Docket No. 47, Calendar No. 45,801.

Supreme Court of Michigan.

Decided June 8, 1953.

Campbell & Campbell, for plaintiff.

Francis L. Williams and John E. Damon, for defendant.

REID, J.

Defendant as cross-plaintiff appeals, not from that portion of the decree which granted her a divorce on her cross bill, but on the grounds of claimed insufficiency of the award of property to her, want of award to her of one-half interest in undisclosed property of plaintiff (cross-defendant), want of award of future alimony, further attorney fees and expense money. Plaintiff (cross-defendant) did not appeal.

Until after the filing of the bill, plaintiff had been all his life a resident of Manistee, Michigan. The 2 daughters (the only children) born of the marriage are over 21 years of age. The parties were *599 married October 11, 1921, at Manistee. Plaintiff husband is now 65 years of age; defendant wife is 10 years younger.

The business of plaintiff husband (hereinafter referred to as plaintiff) is that of mortician and undertaker, which was also the business of his father.
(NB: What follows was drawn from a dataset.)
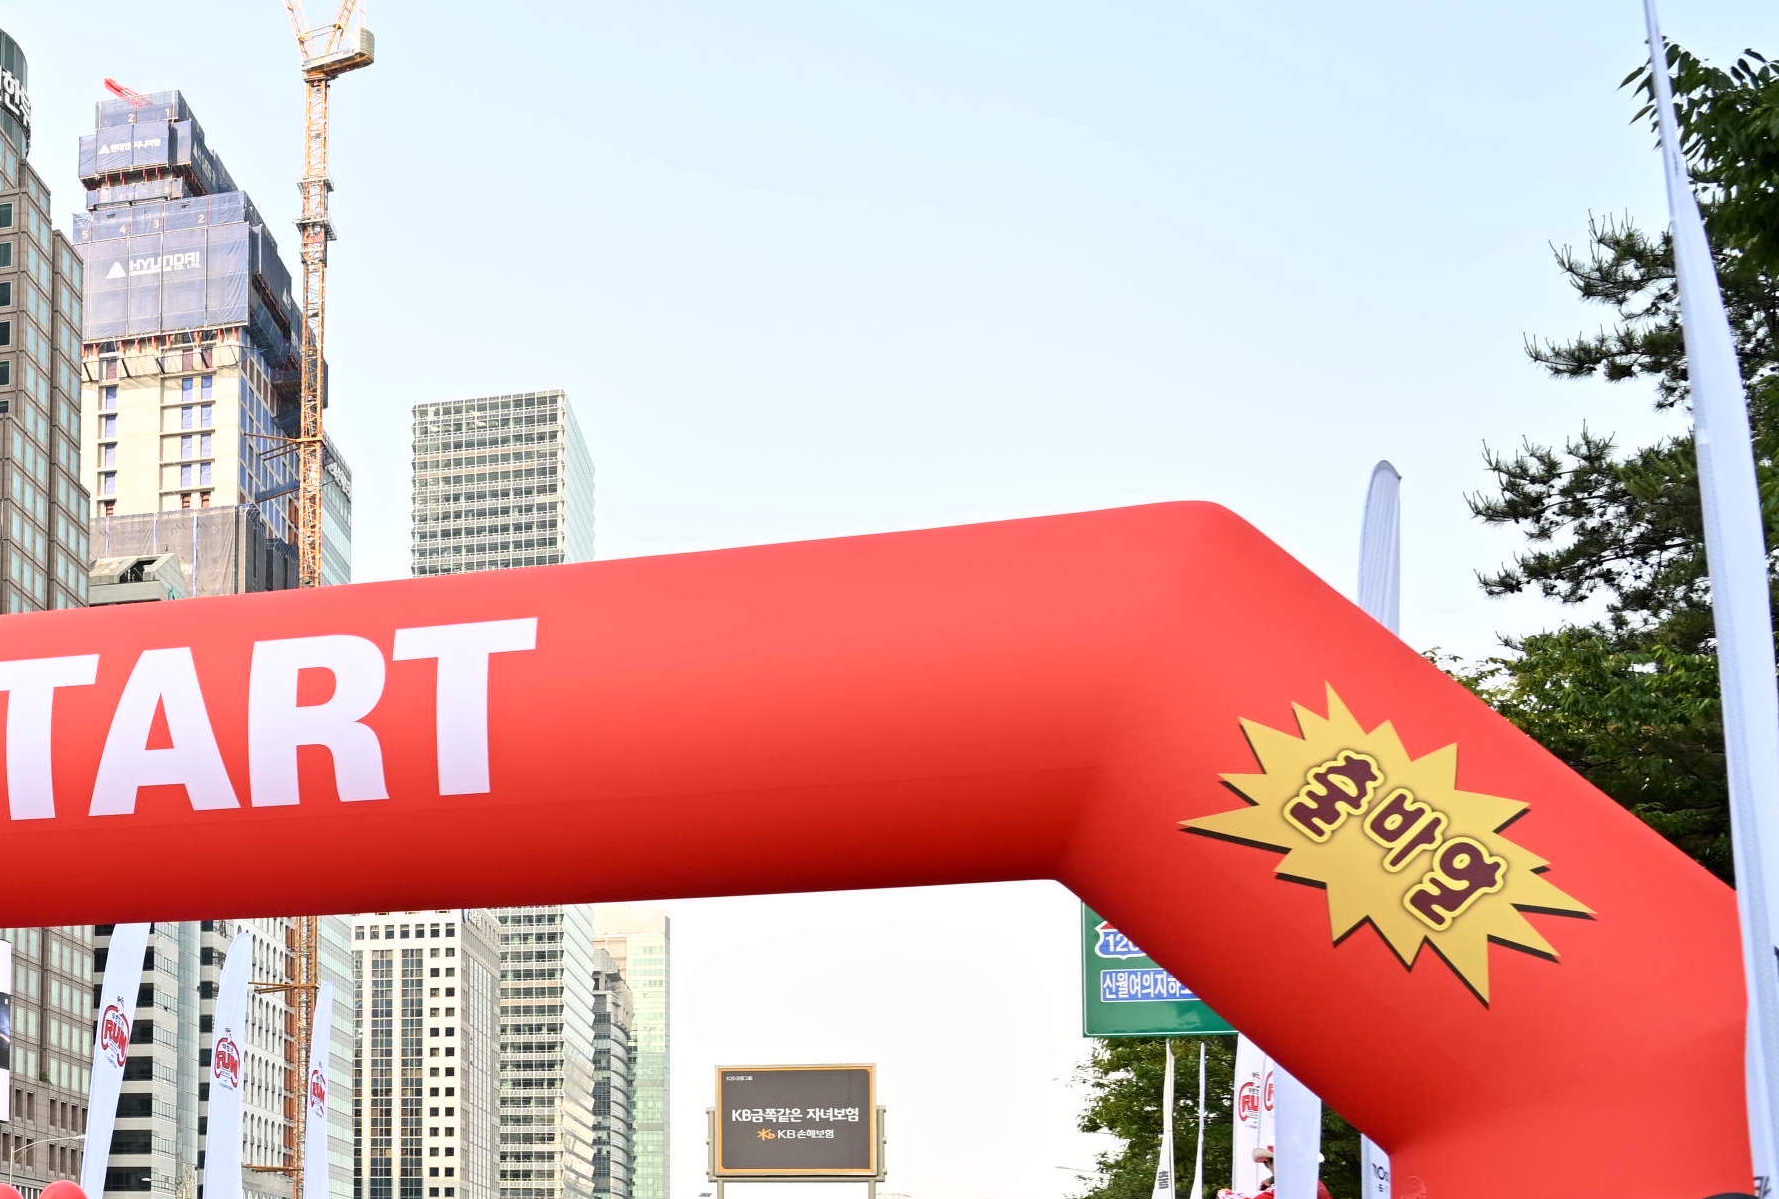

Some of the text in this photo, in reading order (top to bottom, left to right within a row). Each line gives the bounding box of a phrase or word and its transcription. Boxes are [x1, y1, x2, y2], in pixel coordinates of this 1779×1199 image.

Plaintiff worked with his father for 18 years and until his father's death in 1917. Plaintiff then continued the business for himself, the business being almost wholly low-price funerals. The business kept dropping. In many years he did not make living expenses. The place of business, which was also the residence of the parties, burned, January 24, 1951. The parties separated immediately after the fire and have not lived together since.

The bill was filed February 14, 1951. The hearing began February 14, 1952. After about 2 days had been spent on the hearing, mostly in cross-examination of plaintiff as to assets, claimed by the defendant wife to be concealed and undisclosed by plaintiff, a settlement was announced by Mr. Campbell, attorney for plaintiff, as follows:

"Mr. Campbell: * * * After conferences and after our 2 days of trial on this case, we have arrived at a property settlement, which is as follows:

"The plaintiff, Mike Krus, will pay to Mrs. Krus the sum of $11,682 in cash, and in addition thereto she will have the household furniture and furnishings, except 1 bed and springs that go with it, and 2 old chairs which belonged to Mr. Krus' parents.
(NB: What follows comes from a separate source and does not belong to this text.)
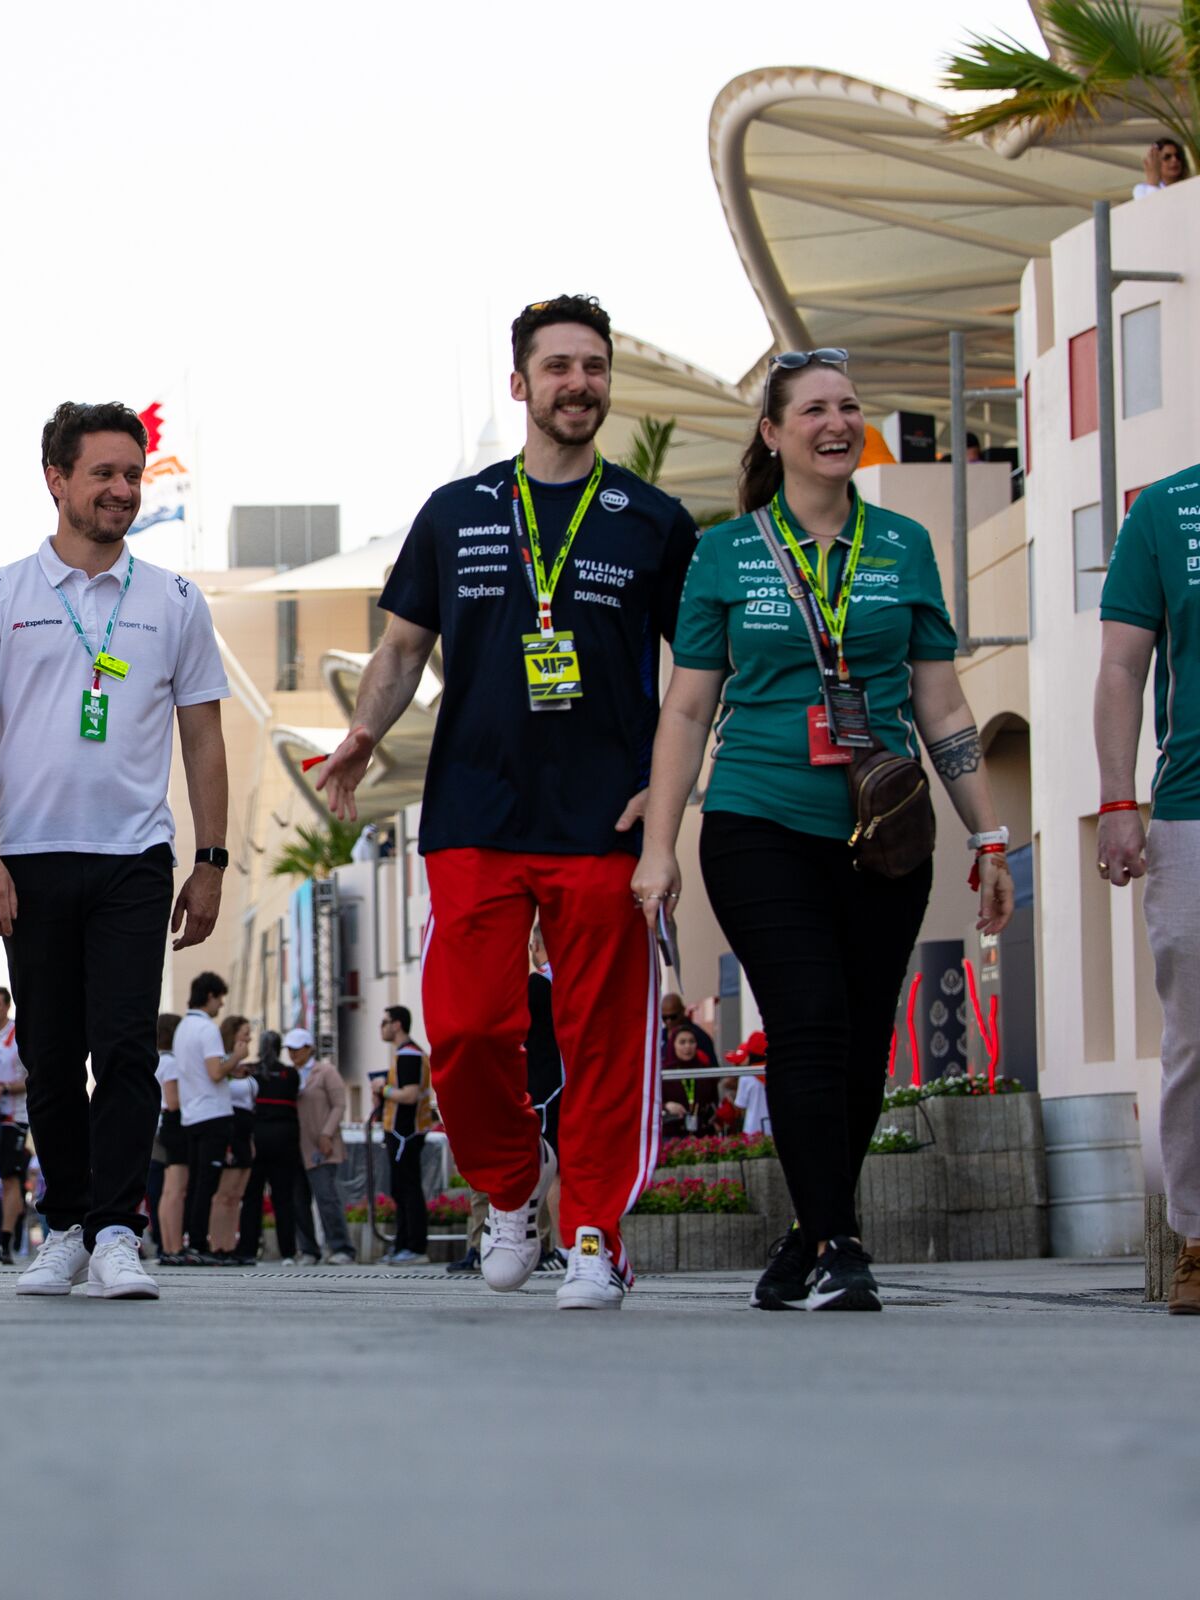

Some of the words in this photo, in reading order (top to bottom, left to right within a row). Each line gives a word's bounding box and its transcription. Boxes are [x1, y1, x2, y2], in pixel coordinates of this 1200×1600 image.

"Mr. Krus to have the policies of life insurance which were exhibited in this case.

"He is to have the real estate on Sixth and Hopkins streets.

"He is to have the Hudson automobile and the Nash hearse, the 1 share of stock, name uncertain (the certificate has been lost and that will have to be restored). * * *

*600 "There is the sum of $6,200 or thereabouts, in the form of a check from the insurance company, arising out of the loss by fire, which occurred in January, 1951. That check is to be delivered to Mrs. Krus to apply on this amount of $11,682. The balance will have to be raised by him from the proceeds of the life insurance policies. * * *

"Mr. Hesslin [attorney for defendant]: The defendant is not fully satisfied with the property settlement, but based upon the proofs submitted and the assets, we realize it is an equitable property settlement."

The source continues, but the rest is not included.